Browse Questions

# Find the equation of the plane passing through the points $(3,4,1)$ and $(0,1,0)$ and parallel to the line $\large\frac{x+3}{2}=\frac{y-3}{7}=\frac{z-2}{5}$

Toolbox:
• Eqn. of a line is $\large\frac{x-a_1}{b_1}=\frac{y-a_2}{b_2}=\frac{z-a_3}{b_3}=\lambda$ where $(a_1,a_2,a_3)$ are the point on the line and $(b_1,b_2,b_3)$ is d.r. of the line.
Step 1:
The given points are $P(3,4,1)$ and $Q(0,1,0)$
Equation of the plane passing through $(3,4,1)$ is
$a(x-3)+b(y-4)+c(2-1)=0$-------(1)
This plane passes through $(0,1,0)$
$\therefore a(0-3)+b(1-4)+c(0-1)=0$
$-3a-3b-c=0$
(i.e) $3a+3b+c=0$-----(2)
Step 2:
The plane (equ(1)) is parallel to the given line
$\large\frac{x+3}{2}=\frac{y-3}{7}=\frac{z-2}{5}$
$\therefore$ Normal to the plane is perpendicular to the line.

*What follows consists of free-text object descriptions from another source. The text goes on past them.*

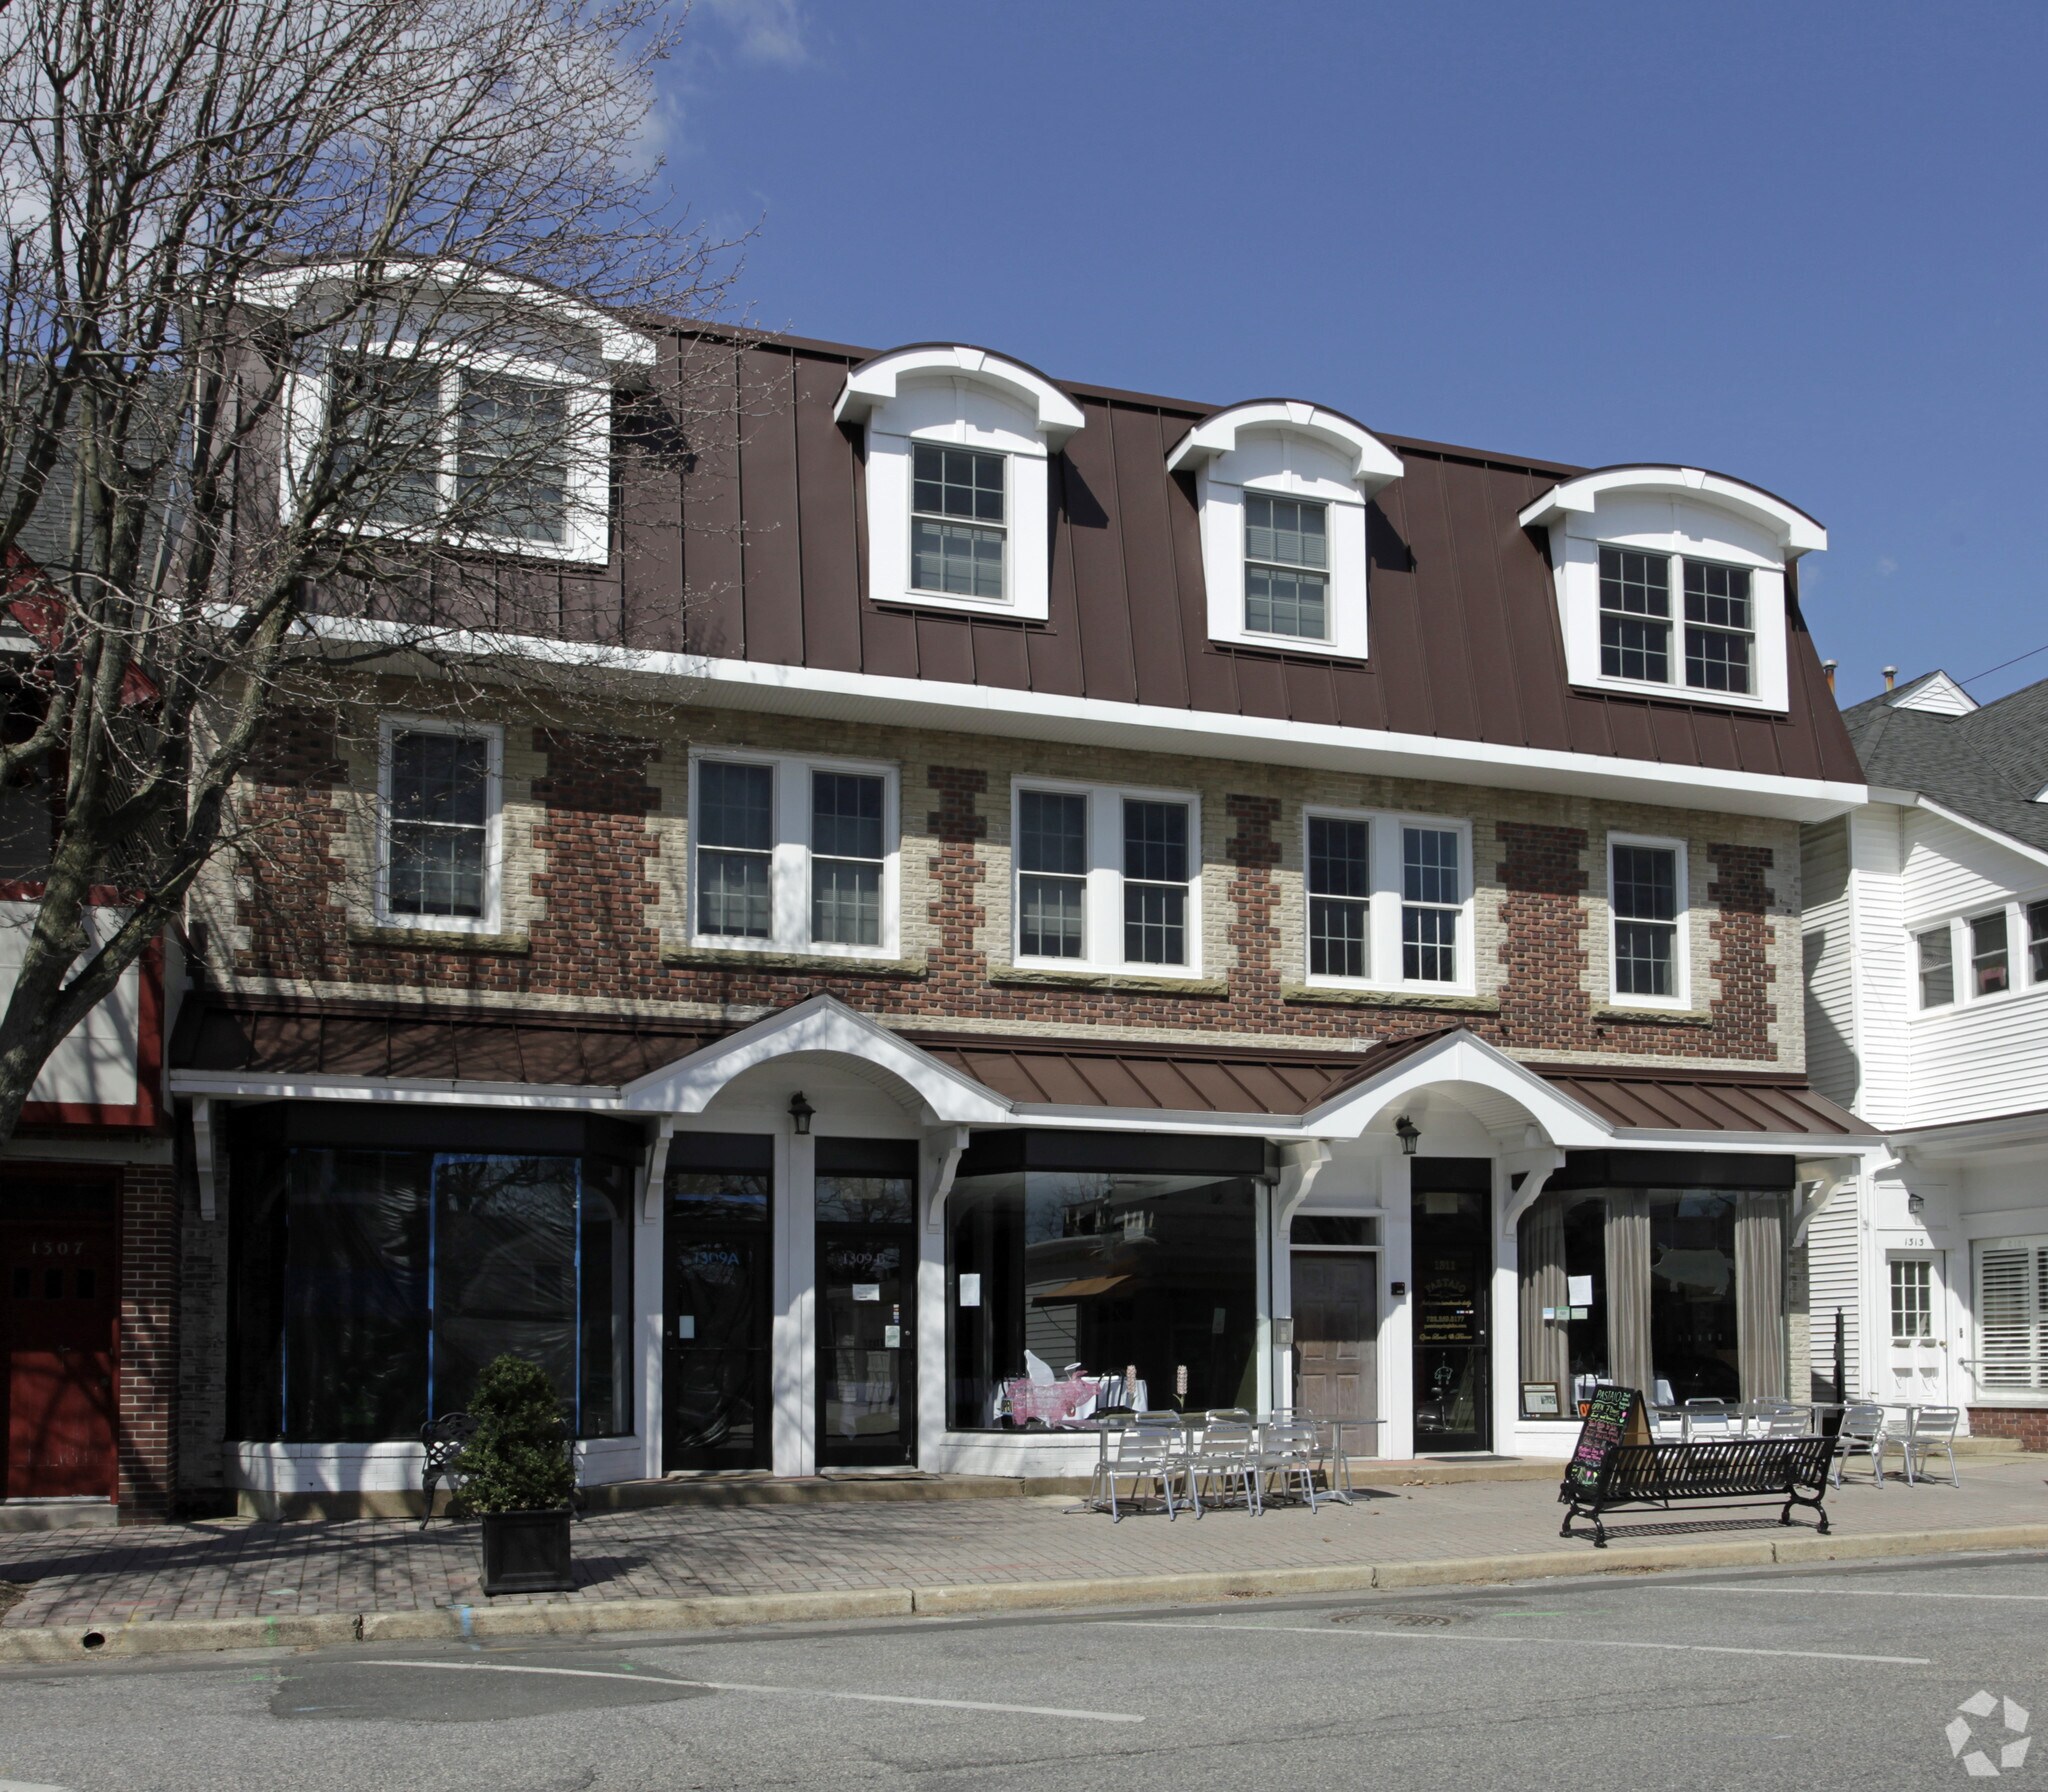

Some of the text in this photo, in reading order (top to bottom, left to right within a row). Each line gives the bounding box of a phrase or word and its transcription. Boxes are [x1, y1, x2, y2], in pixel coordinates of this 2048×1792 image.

[695, 1251, 740, 1265] 1309A
[1425, 1278, 1466, 1293] PASTAIO
[1596, 1389, 1622, 1403] PASTAIO
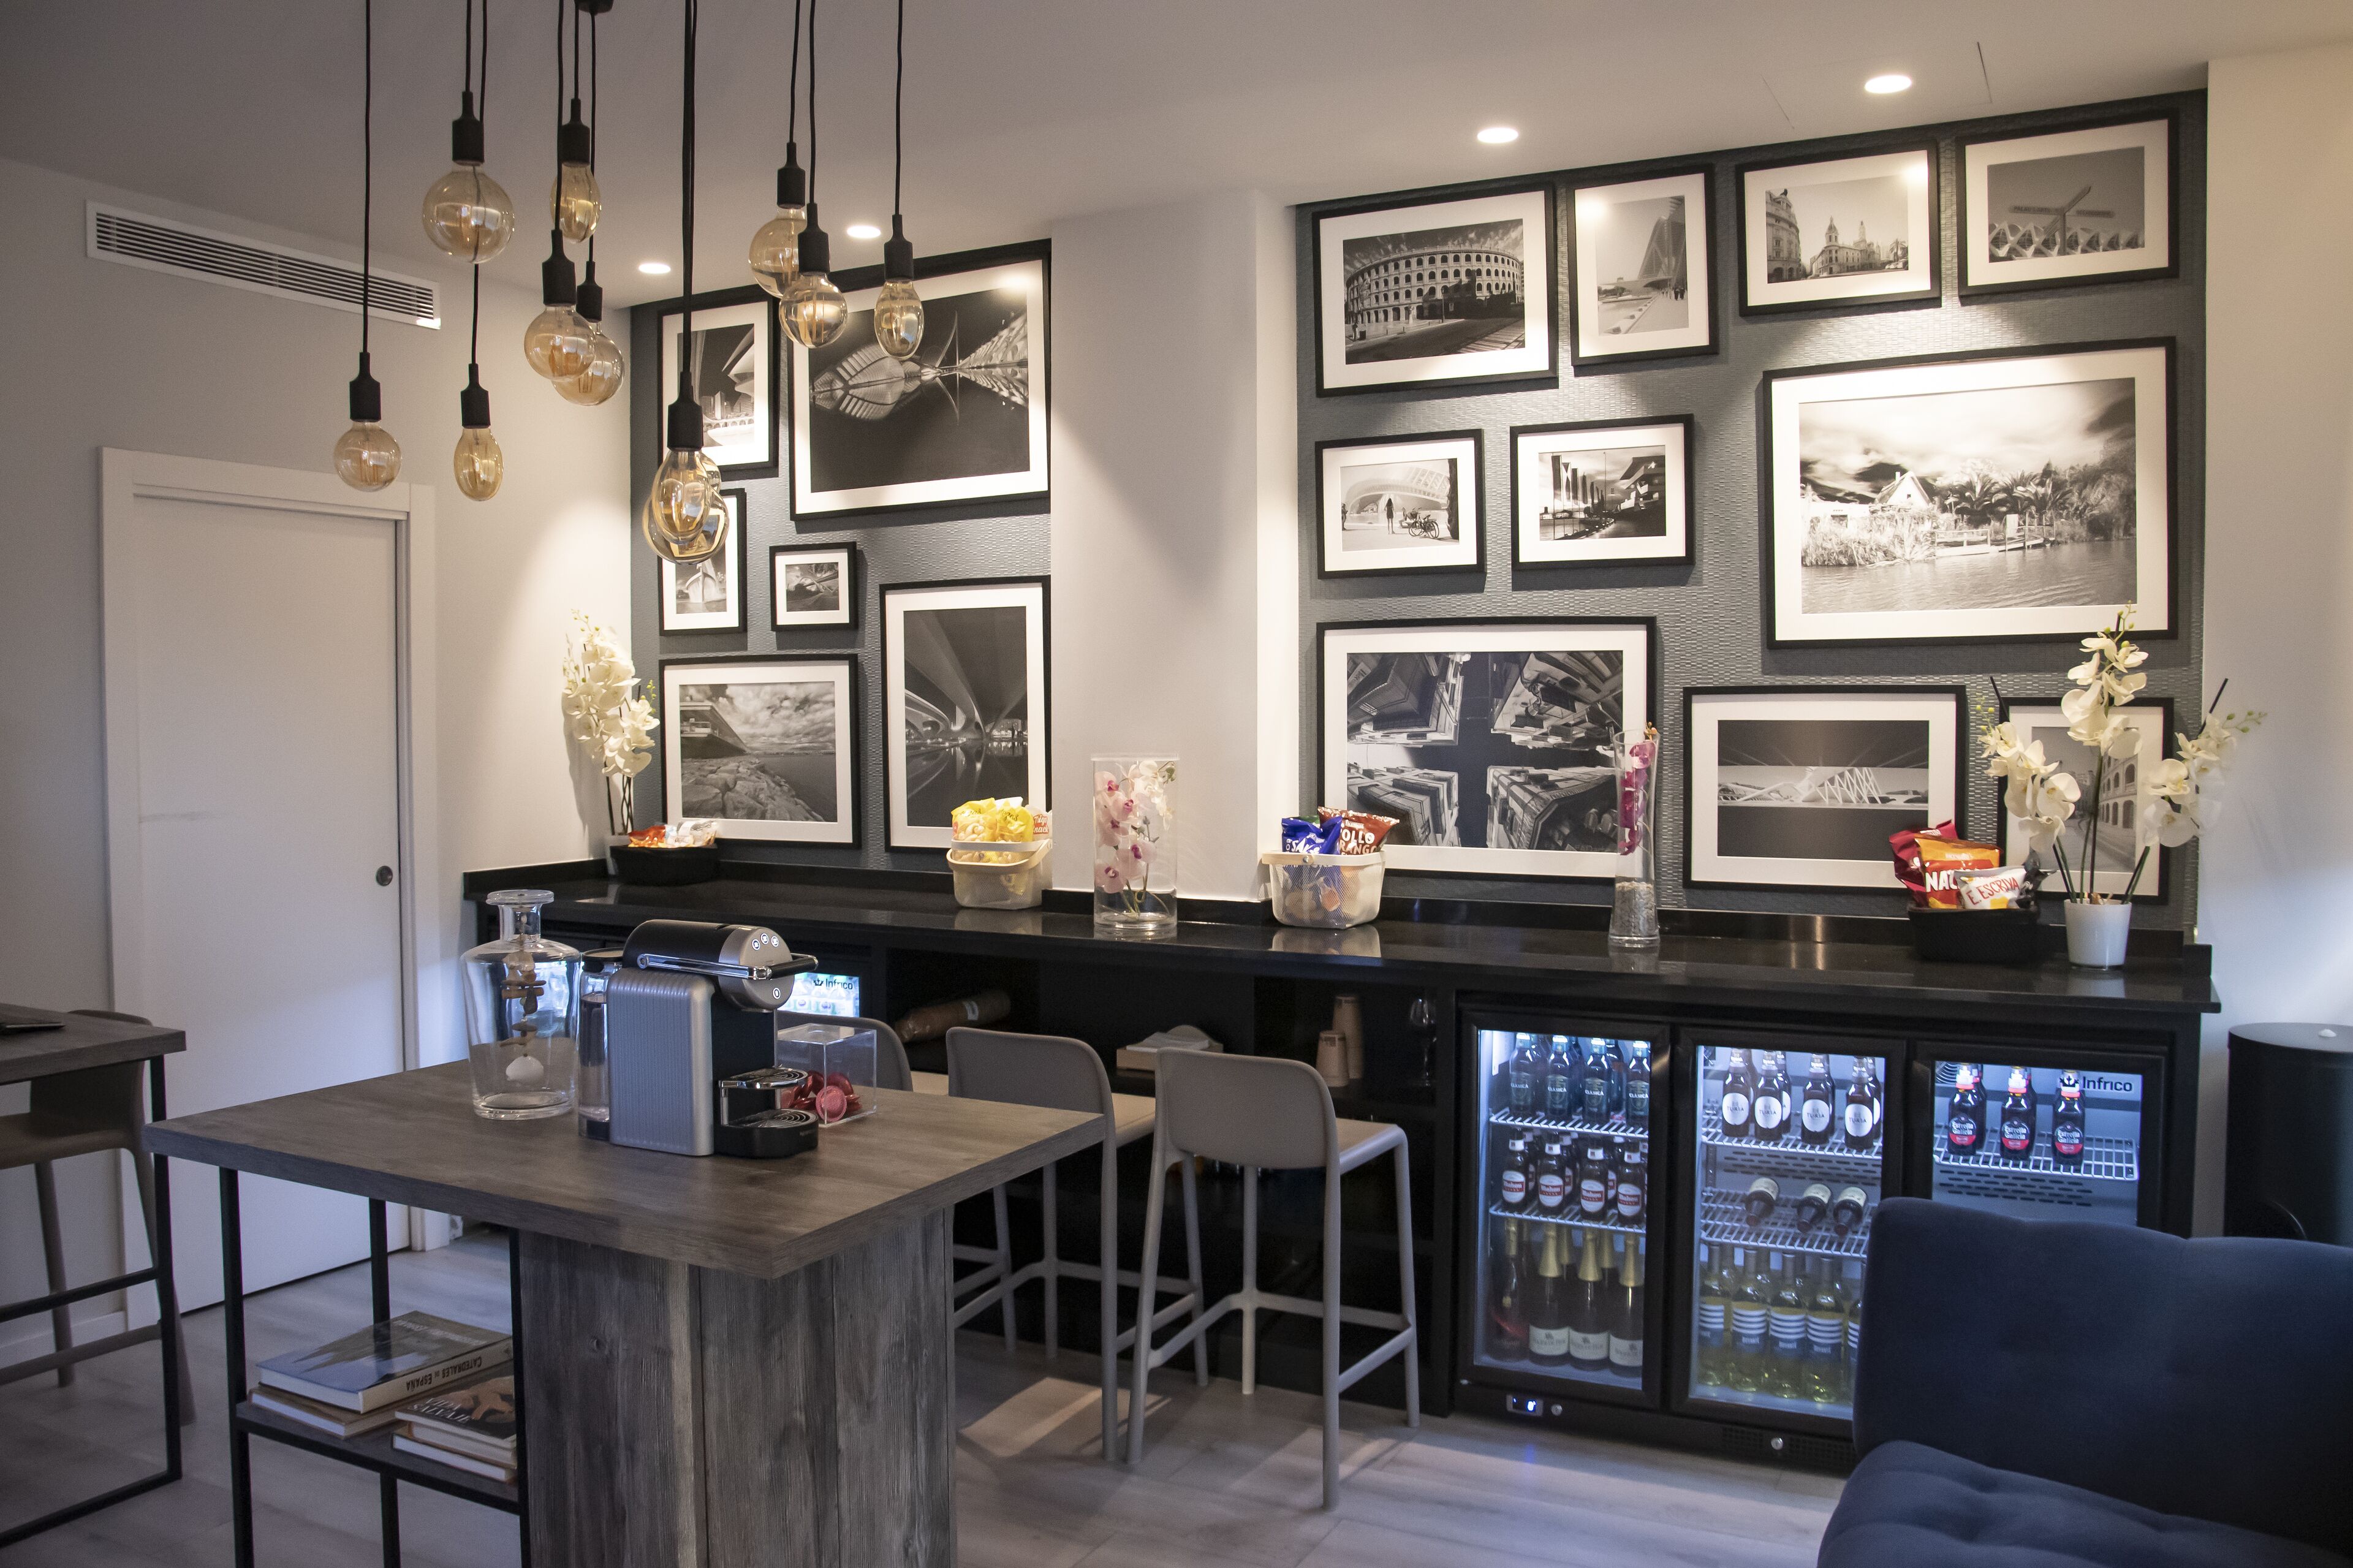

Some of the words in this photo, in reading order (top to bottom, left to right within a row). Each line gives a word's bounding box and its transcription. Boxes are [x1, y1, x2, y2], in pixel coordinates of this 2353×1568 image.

[1341, 828, 1374, 844] OLLO
[1925, 869, 1970, 893] NAC
[825, 978, 853, 990] Infrico
[2083, 1076, 2133, 1092] Infrico
[442, 1356, 482, 1379] CATEDRALES
[406, 1373, 433, 1392] ESPAÑA

$\therefore a(2)+7(b)+c(5)=0$
$\Rightarrow 2a+7b+5c=0$------(3)
Step 3:
Now let us solve equ(2) and equ(3)
$\large\frac{a}{\begin{vmatrix}3 & 1\\7 & 5\end{vmatrix}}=\large\frac{b}{\begin{vmatrix}1 & 3\\5& 2\end{vmatrix}}=\large\frac{c}{\begin{vmatrix}3 & 3\\2 & 7\end{vmatrix}}$
(i.e) $\large\frac{a}{8}=\frac{b}{-13}=\frac{c}{15}$$=k$
$a=8k$
$b=-13k$
$c=15k$
Step 4:
Substituting these values in equ(1) we get,
$8(x-3)-13(y-4)+15(2-1)=0$
$\Rightarrow 8x-13y+15z+12=0$
This is the required equation of the plane.